Here I drop down in front of the pc after a rehearsal of the Brahms clarinet trio (ah, one of my all time favourite chambre music pieces, by maybe my favourite chambre music composer!)- and yes, this whole exchange of thoughts is too interesting to let pass by. In fact, even after the Brahms reh. we talked about religion, but with two convinced atheists/evolutionists with little or no room for religion as such, it wasn't much of a real "exchange".

You know, that's it! I enjoy the discussions here in the guestbook! I miss those! They remind me of my kibbutz time, second half of '82 and all of 1988 and some, we had those fierce discussions about religion and politics and the big why of the Holocaust and can we occupy the disputed territories and ... We, i.e., any mix that happened to find themselves together of young kibbutznikim, most of them of course in or about to join or just after army, and ulpan students and volunteers from literally all over the globe.
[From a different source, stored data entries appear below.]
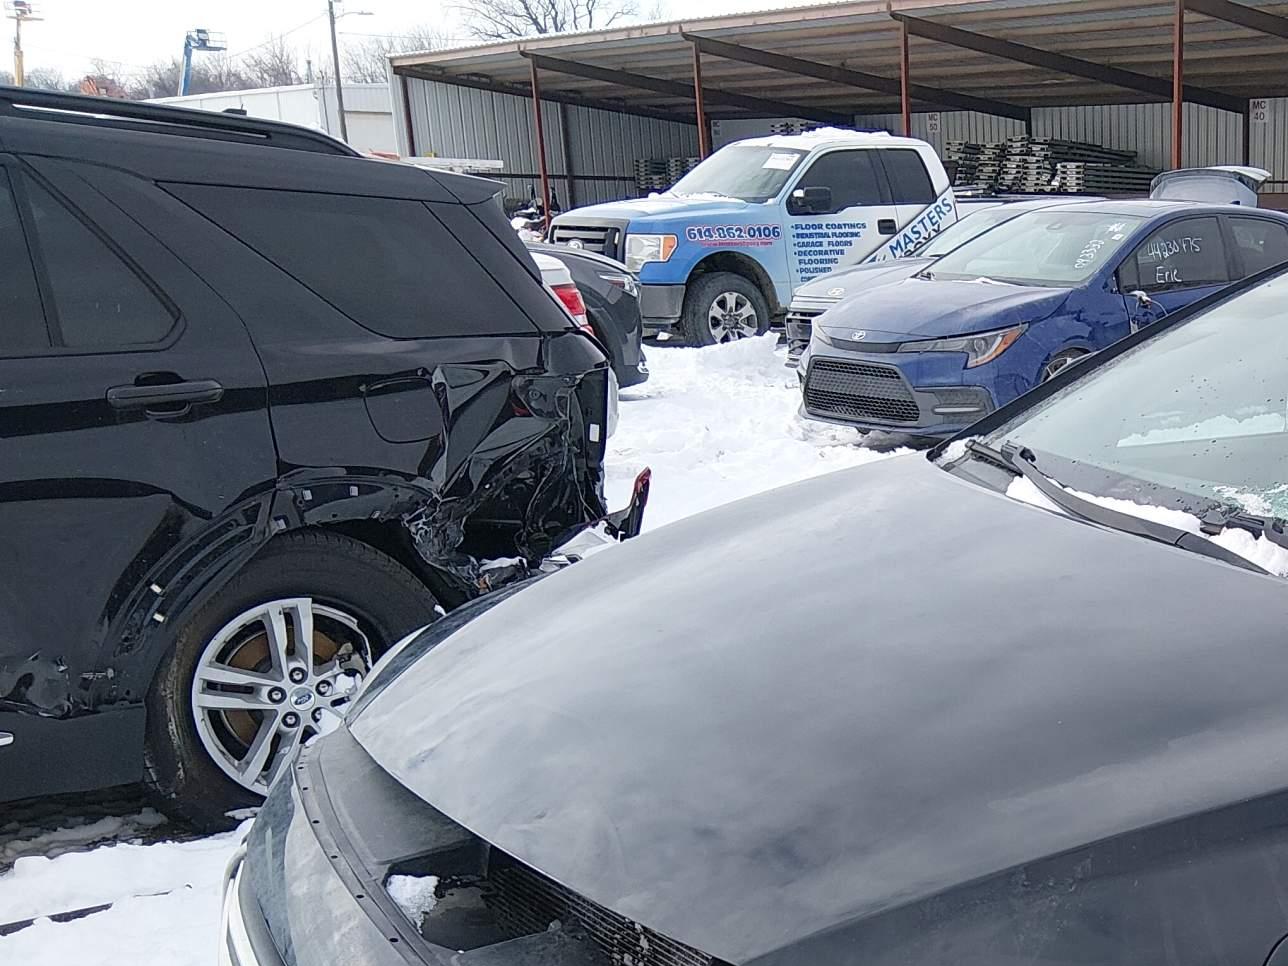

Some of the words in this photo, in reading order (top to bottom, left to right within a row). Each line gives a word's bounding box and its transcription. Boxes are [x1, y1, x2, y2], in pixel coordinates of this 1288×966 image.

[794, 223, 824, 231] FLOOR
[825, 222, 867, 230] COATINGS
[889, 198, 952, 258] MASTERS
[686, 225, 781, 241] 614.862.0106
[796, 240, 824, 248] GARAGE
[797, 249, 845, 257] DECORATIVE
[798, 257, 839, 265] FLOORING
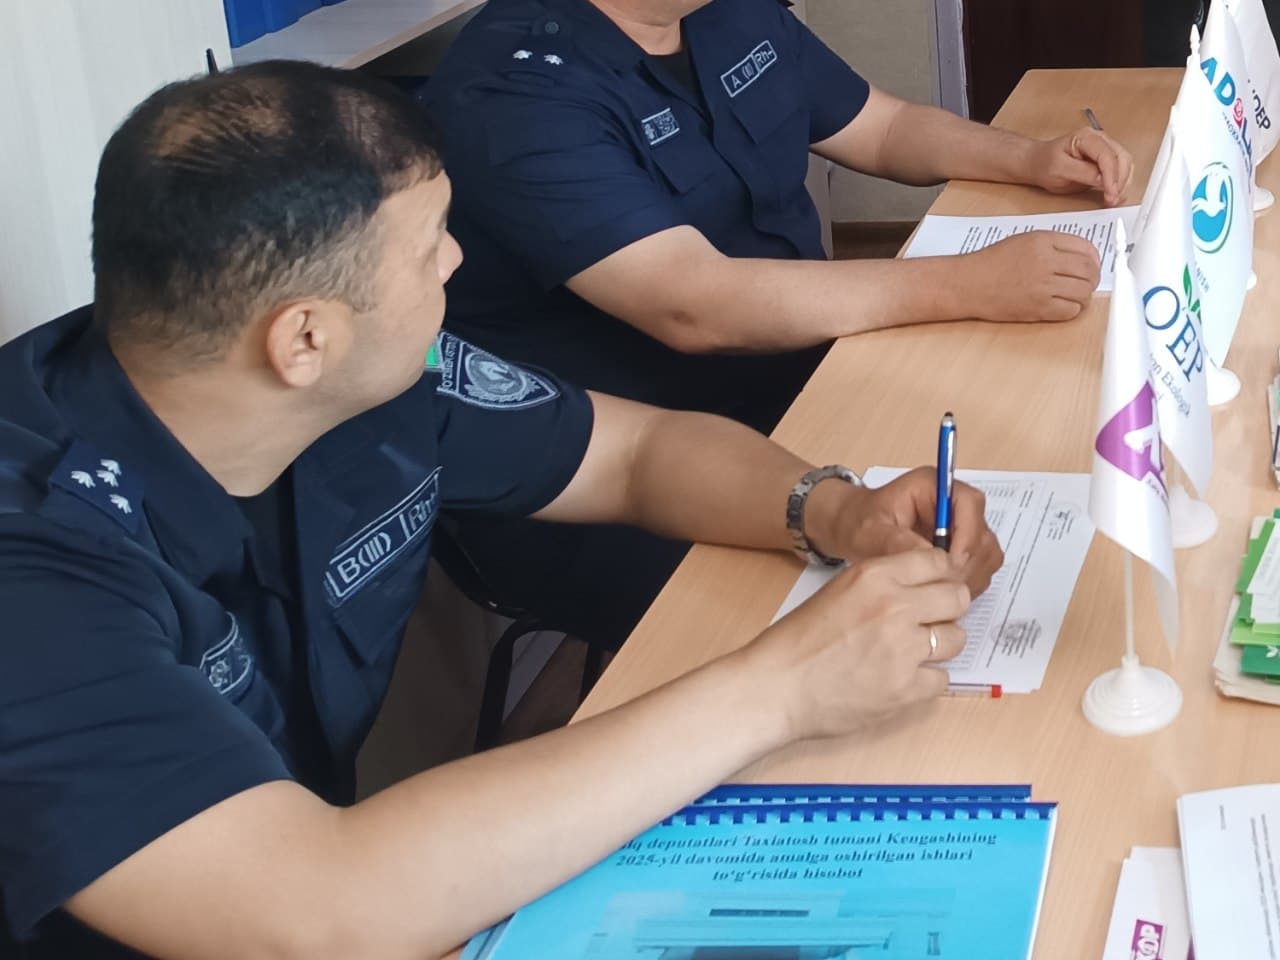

The great thing I will always remember is that anything could be discussed and yet we still sat together around the campfire or in someone's room or in the mo'addon. Among us, we had views ranging from one bizarre to the other!
For example, I remember (setting: winter '88, ulpan students together plus me only non-Jew) this Argentinian Jewish ulpan student (his family name ... was the name of one of the most horrible concentration camps in Poland ... shivers) and he said: "For peace with the Palestinians, we should give up the disputed territories, give back East-Jerusalem, in fact, I wouldnot even object if we gave up all of Jerusalem." To this very day I can still see and hear him sitting there saying that! I was flabbergasted, I didnot know where to start objecting to that last bit, and who was I to obejct, I wasnot a even a Jew, so I kept my mouth shut but my eyebrows must have got stuck raised up for 15 minutes! All of Jerusalem, eyze ghutzpah!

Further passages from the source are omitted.